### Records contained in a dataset

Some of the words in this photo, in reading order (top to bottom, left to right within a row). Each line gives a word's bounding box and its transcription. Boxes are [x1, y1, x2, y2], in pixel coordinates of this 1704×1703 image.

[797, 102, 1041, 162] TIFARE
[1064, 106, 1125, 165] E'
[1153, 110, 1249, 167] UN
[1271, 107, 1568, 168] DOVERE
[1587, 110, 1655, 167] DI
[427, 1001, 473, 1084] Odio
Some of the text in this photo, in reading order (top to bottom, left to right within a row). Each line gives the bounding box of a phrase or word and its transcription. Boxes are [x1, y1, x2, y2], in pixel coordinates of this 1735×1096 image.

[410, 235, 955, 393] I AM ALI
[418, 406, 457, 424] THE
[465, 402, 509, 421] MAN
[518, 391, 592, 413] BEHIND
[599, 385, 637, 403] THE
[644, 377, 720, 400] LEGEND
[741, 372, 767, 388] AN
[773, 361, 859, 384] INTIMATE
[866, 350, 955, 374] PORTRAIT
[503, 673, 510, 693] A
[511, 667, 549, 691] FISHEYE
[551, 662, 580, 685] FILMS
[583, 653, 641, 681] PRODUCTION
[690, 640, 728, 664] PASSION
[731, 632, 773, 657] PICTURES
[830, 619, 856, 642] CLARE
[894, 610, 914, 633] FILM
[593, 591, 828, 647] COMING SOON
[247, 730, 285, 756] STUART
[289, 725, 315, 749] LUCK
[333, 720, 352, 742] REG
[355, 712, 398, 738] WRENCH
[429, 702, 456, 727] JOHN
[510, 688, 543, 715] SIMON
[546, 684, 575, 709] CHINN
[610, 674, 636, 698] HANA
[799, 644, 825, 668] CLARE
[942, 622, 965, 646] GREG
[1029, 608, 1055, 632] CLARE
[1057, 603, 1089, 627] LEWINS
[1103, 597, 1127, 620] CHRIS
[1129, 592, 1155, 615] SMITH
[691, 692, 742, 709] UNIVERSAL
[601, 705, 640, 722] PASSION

### Requirement
Give back every entry, unchanged in any way.

### Reply
Some of the words in this photo, in reading order (top to bottom, left to right within a row). Each line gives a word's bounding box and its transcription. Boxes are [x1, y1, x2, y2], in pixel coordinates of this 1704×1703 image.

[797, 102, 1041, 162] TIFARE
[1064, 106, 1125, 165] E'
[1153, 110, 1249, 167] UN
[1271, 107, 1568, 168] DOVERE
[1587, 110, 1655, 167] DI
[427, 1001, 473, 1084] Odio
Some of the text in this photo, in reading order (top to bottom, left to right within a row). Each line gives the bounding box of a phrase or word and its transcription. Boxes are [x1, y1, x2, y2], in pixel coordinates of this 1735×1096 image.

[410, 235, 955, 393] I AM ALI
[418, 406, 457, 424] THE
[465, 402, 509, 421] MAN
[518, 391, 592, 413] BEHIND
[599, 385, 637, 403] THE
[644, 377, 720, 400] LEGEND
[741, 372, 767, 388] AN
[773, 361, 859, 384] INTIMATE
[866, 350, 955, 374] PORTRAIT
[503, 673, 510, 693] A
[511, 667, 549, 691] FISHEYE
[551, 662, 580, 685] FILMS
[583, 653, 641, 681] PRODUCTION
[690, 640, 728, 664] PASSION
[731, 632, 773, 657] PICTURES
[830, 619, 856, 642] CLARE
[894, 610, 914, 633] FILM
[593, 591, 828, 647] COMING SOON
[247, 730, 285, 756] STUART
[289, 725, 315, 749] LUCK
[333, 720, 352, 742] REG
[355, 712, 398, 738] WRENCH
[429, 702, 456, 727] JOHN
[510, 688, 543, 715] SIMON
[546, 684, 575, 709] CHINN
[610, 674, 636, 698] HANA
[799, 644, 825, 668] CLARE
[942, 622, 965, 646] GREG
[1029, 608, 1055, 632] CLARE
[1057, 603, 1089, 627] LEWINS
[1103, 597, 1127, 620] CHRIS
[1129, 592, 1155, 615] SMITH
[691, 692, 742, 709] UNIVERSAL
[601, 705, 640, 722] PASSION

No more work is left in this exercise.